_TASK ITEM:_ Images in the entries are to be skipped, and everything else is to be written out exactly.

_DATA PROVIDED:_
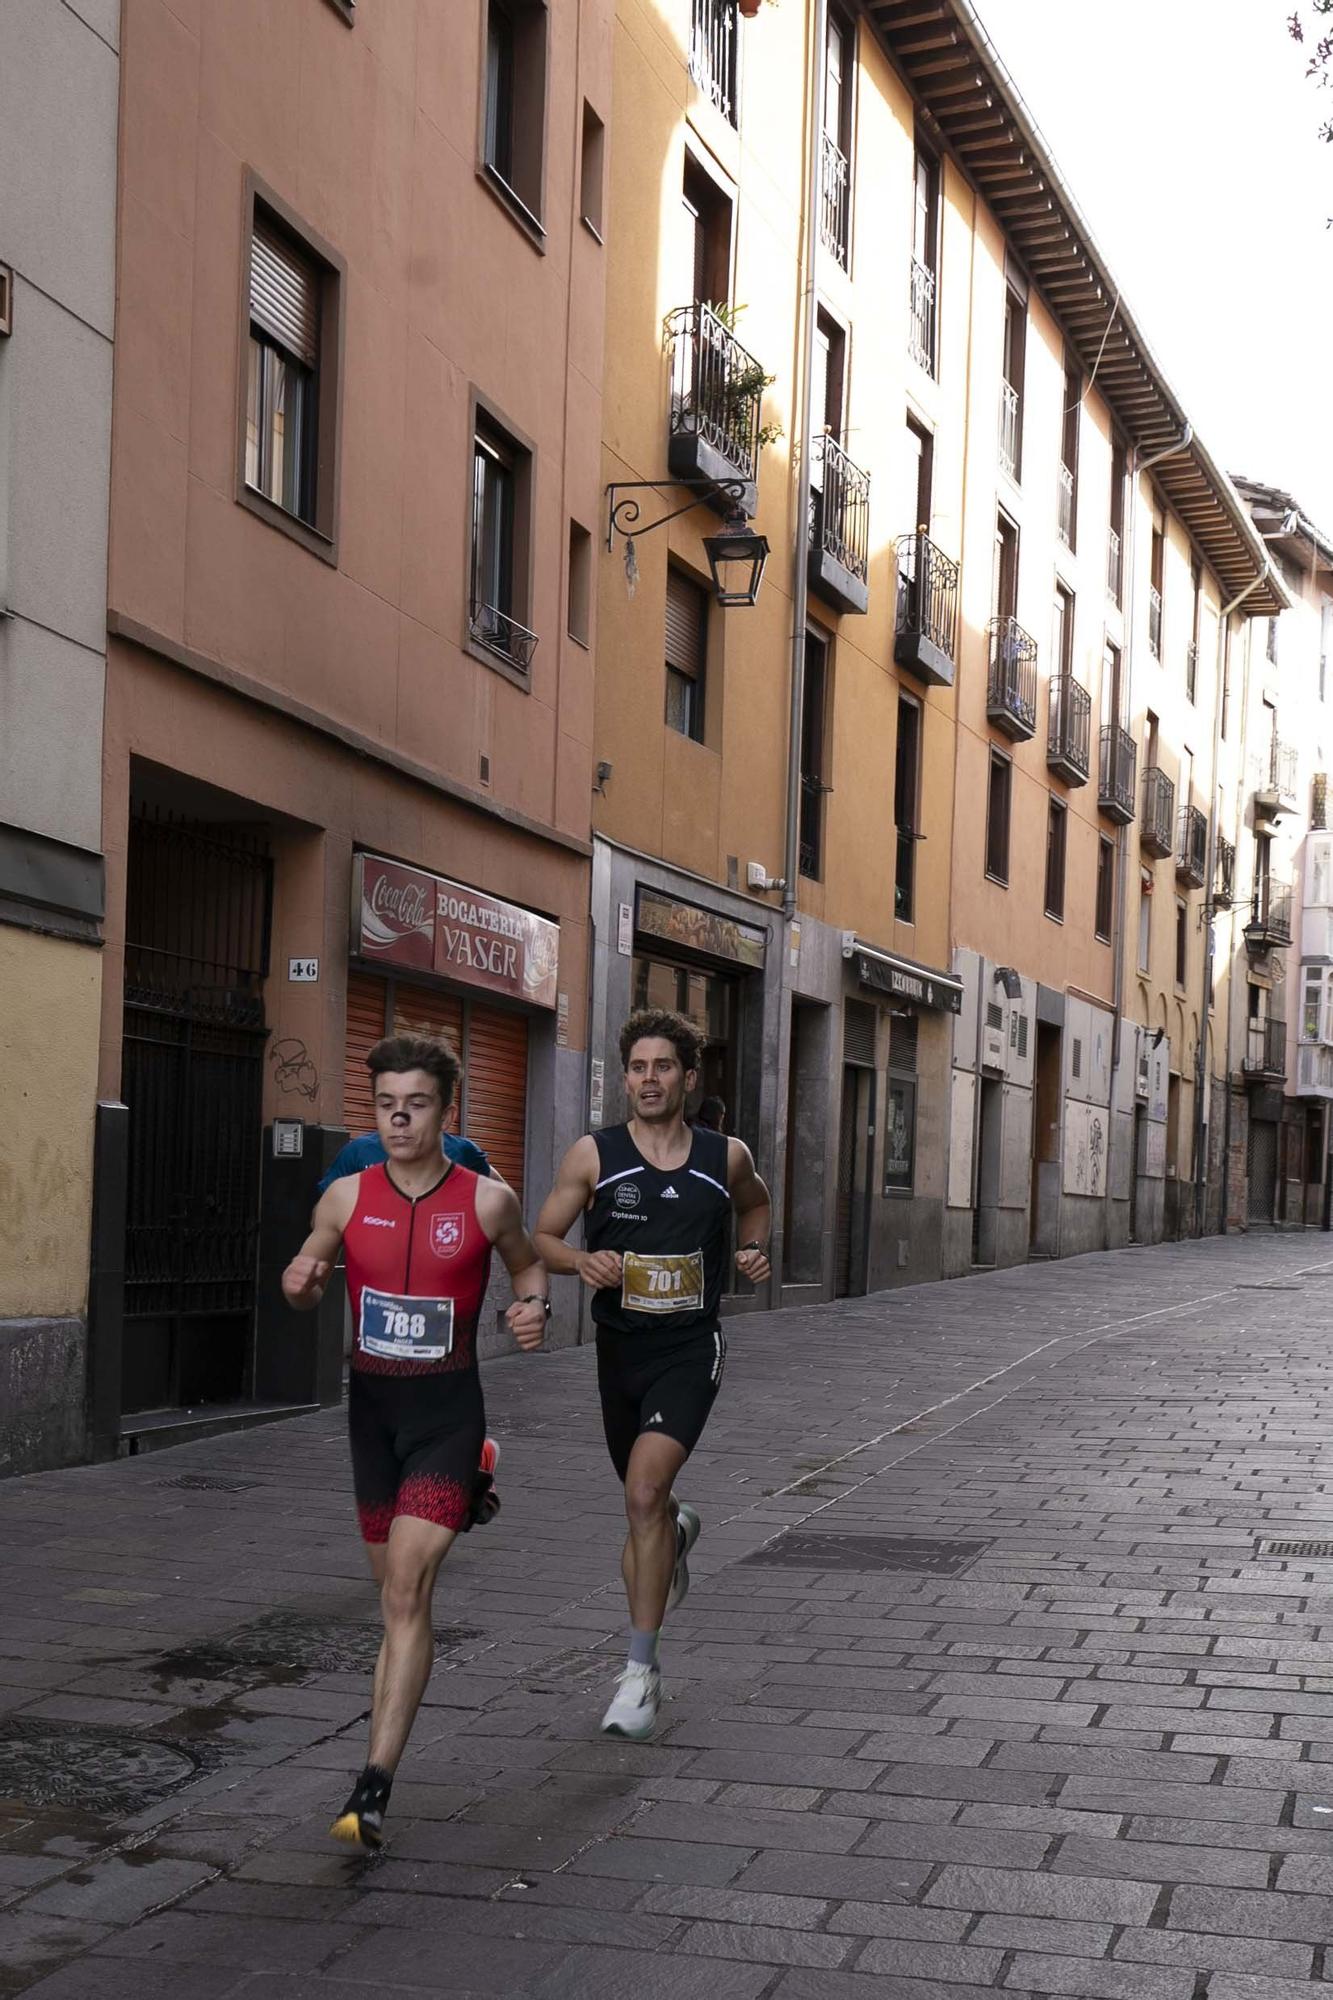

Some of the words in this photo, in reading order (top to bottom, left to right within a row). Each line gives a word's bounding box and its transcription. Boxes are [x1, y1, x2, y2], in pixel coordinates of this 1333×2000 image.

[437, 892, 524, 942] BOCATERIA
[443, 924, 518, 979] YASER
[291, 961, 317, 977] 46
[611, 1211, 640, 1221] Opteam
[647, 1269, 682, 1292] 701
[382, 1309, 426, 1339] 788
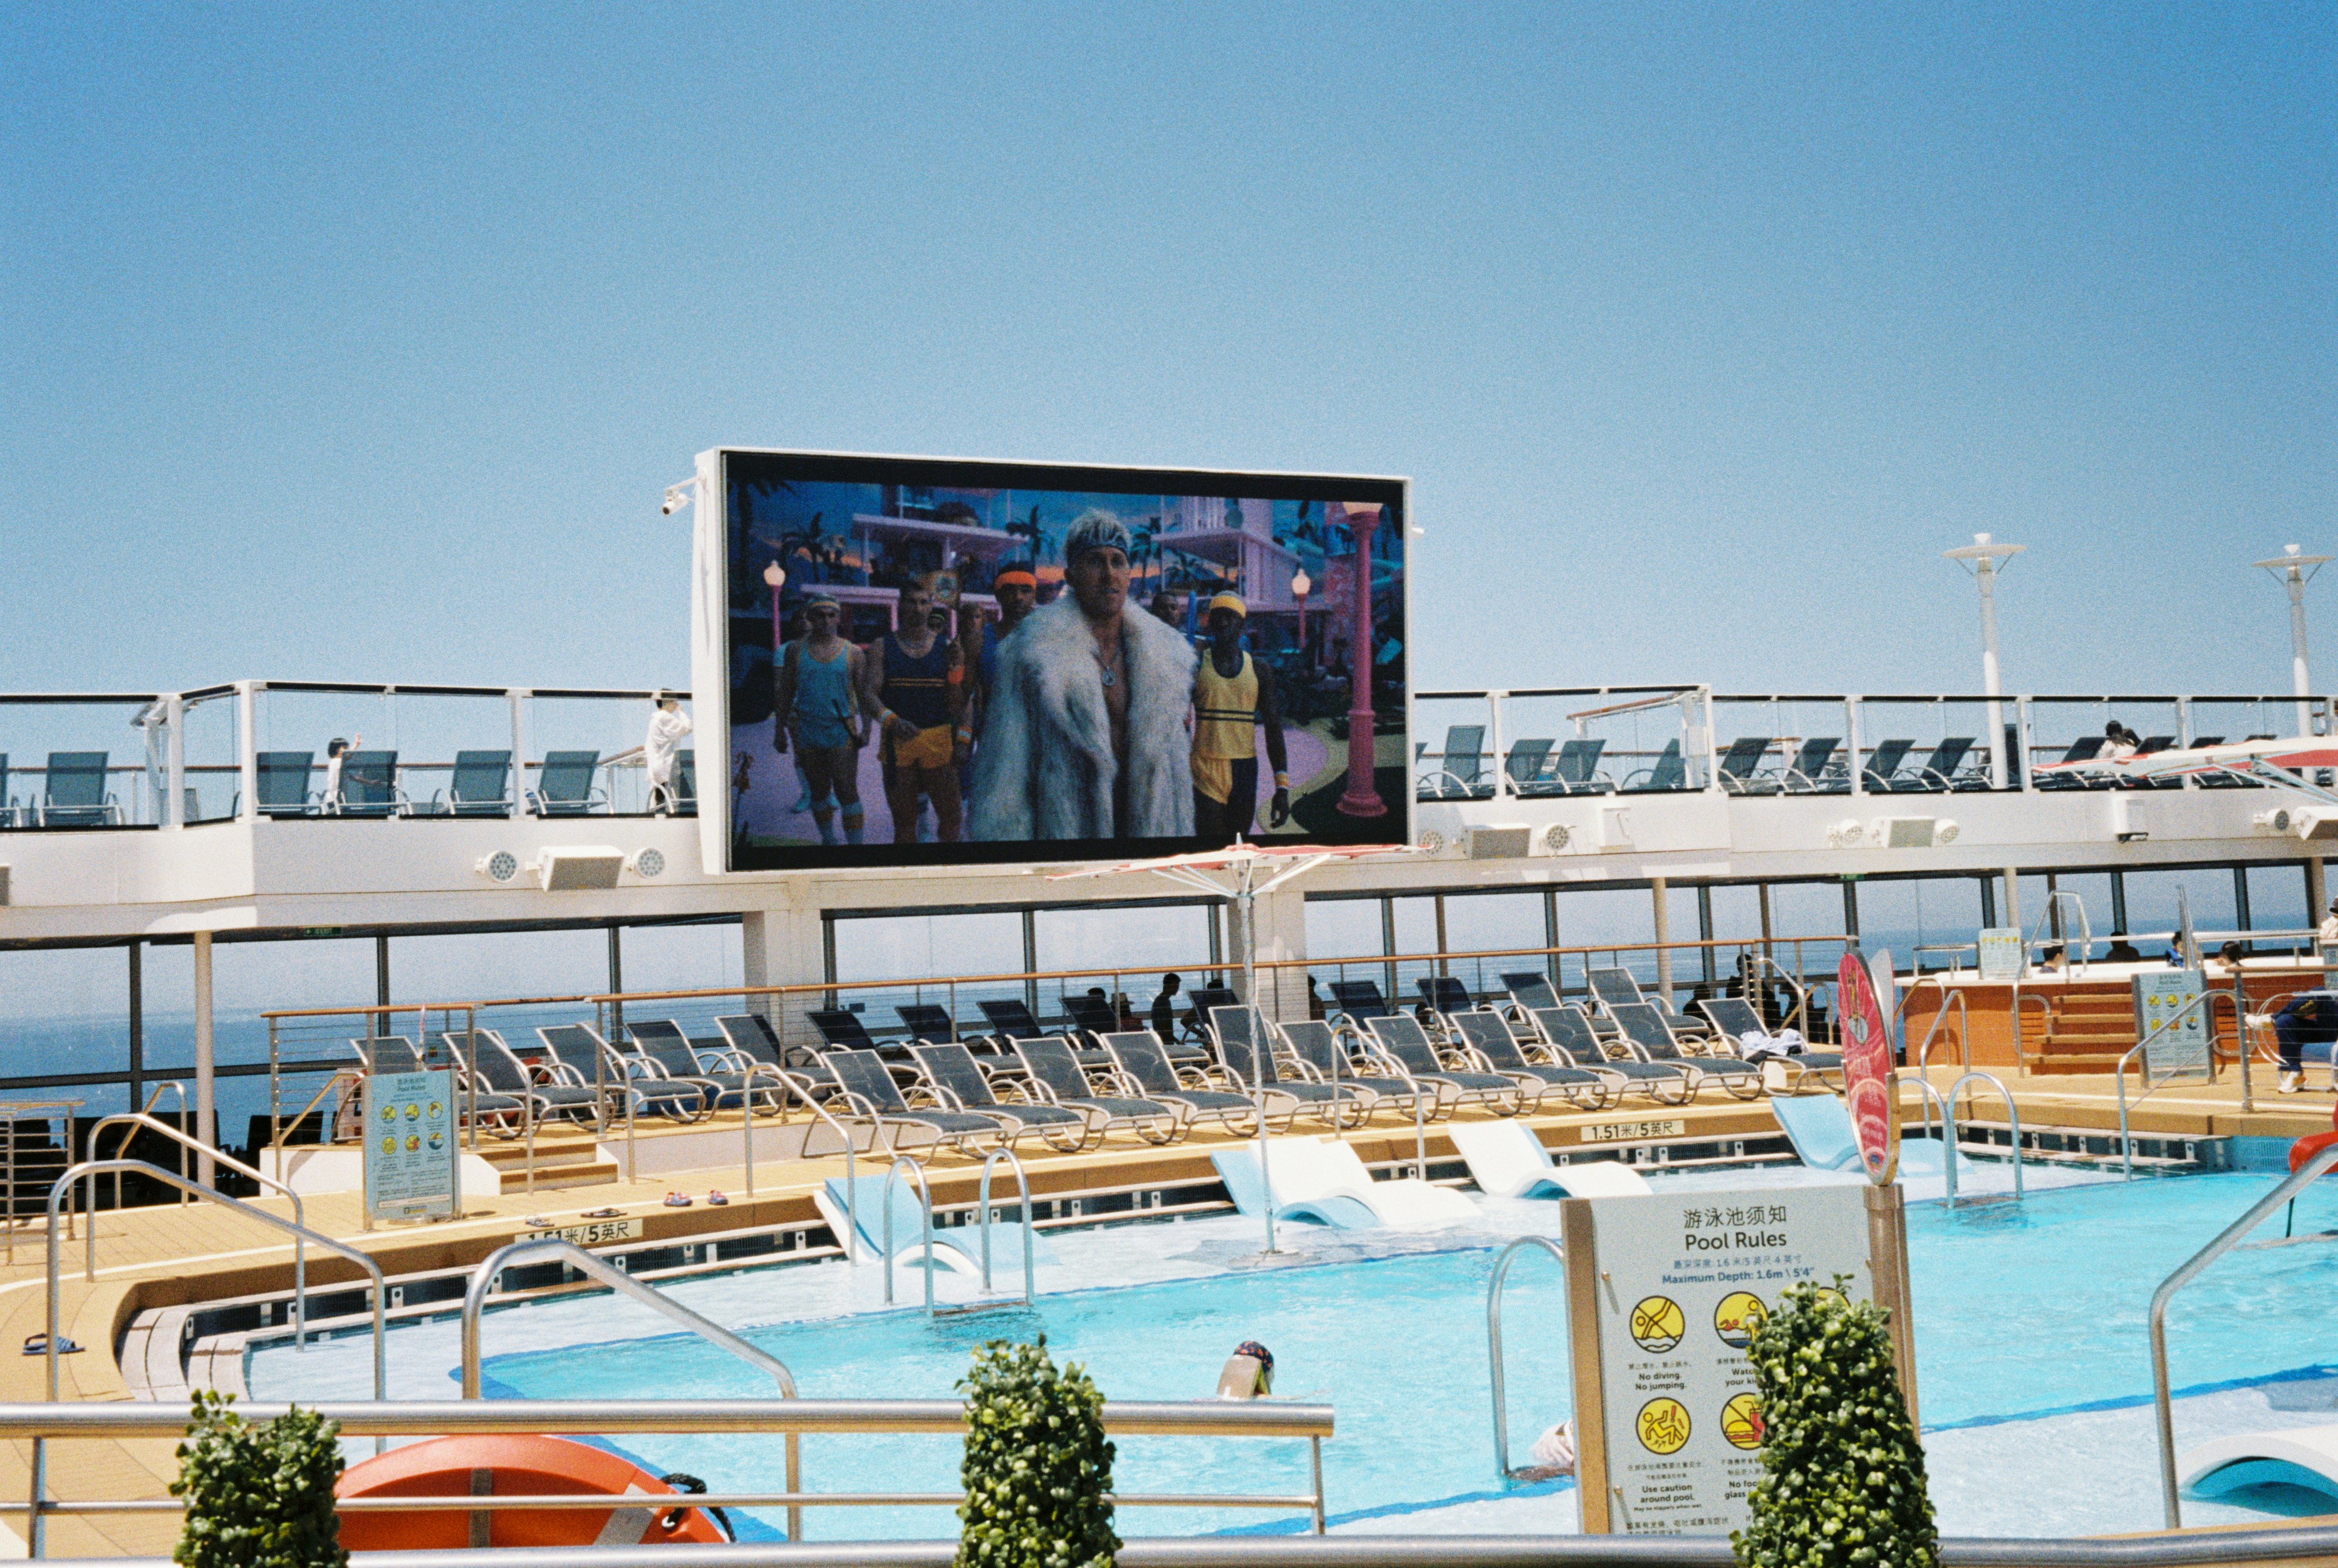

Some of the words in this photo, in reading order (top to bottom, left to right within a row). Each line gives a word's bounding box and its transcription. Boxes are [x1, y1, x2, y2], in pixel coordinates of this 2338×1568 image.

[1683, 1205, 1787, 1229] 游泳池须知
[1685, 1232, 1730, 1251] Pool
[1735, 1231, 1787, 1248] Rules
[1662, 1274, 1715, 1284] Maximum
[1718, 1271, 1754, 1283] Depth:
[1757, 1269, 1783, 1280] 1.6m
[1725, 1379, 1744, 1388] your
[1660, 1484, 1693, 1492] caution
[1640, 1494, 1671, 1503] around
[1725, 1491, 1746, 1500] glass

_EXPECTED OUTPUT:_
Some of the words in this photo, in reading order (top to bottom, left to right within a row). Each line gives a word's bounding box and its transcription. Boxes are [x1, y1, x2, y2], in pixel coordinates of this 1333×2000 image.

[437, 892, 524, 942] BOCATERIA
[443, 924, 518, 979] YASER
[291, 961, 317, 977] 46
[611, 1211, 640, 1221] Opteam
[647, 1269, 682, 1292] 701
[382, 1309, 426, 1339] 788

Some of the words in this photo, in reading order (top to bottom, left to right within a row). Each line gives a word's bounding box and its transcription. Boxes are [x1, y1, x2, y2], in pixel coordinates of this 2338×1568 image.

[1683, 1205, 1787, 1229] 游泳池须知
[1685, 1232, 1730, 1251] Pool
[1735, 1231, 1787, 1248] Rules
[1662, 1274, 1715, 1284] Maximum
[1718, 1271, 1754, 1283] Depth:
[1757, 1269, 1783, 1280] 1.6m
[1725, 1379, 1744, 1388] your
[1660, 1484, 1693, 1492] caution
[1640, 1494, 1671, 1503] around
[1725, 1491, 1746, 1500] glass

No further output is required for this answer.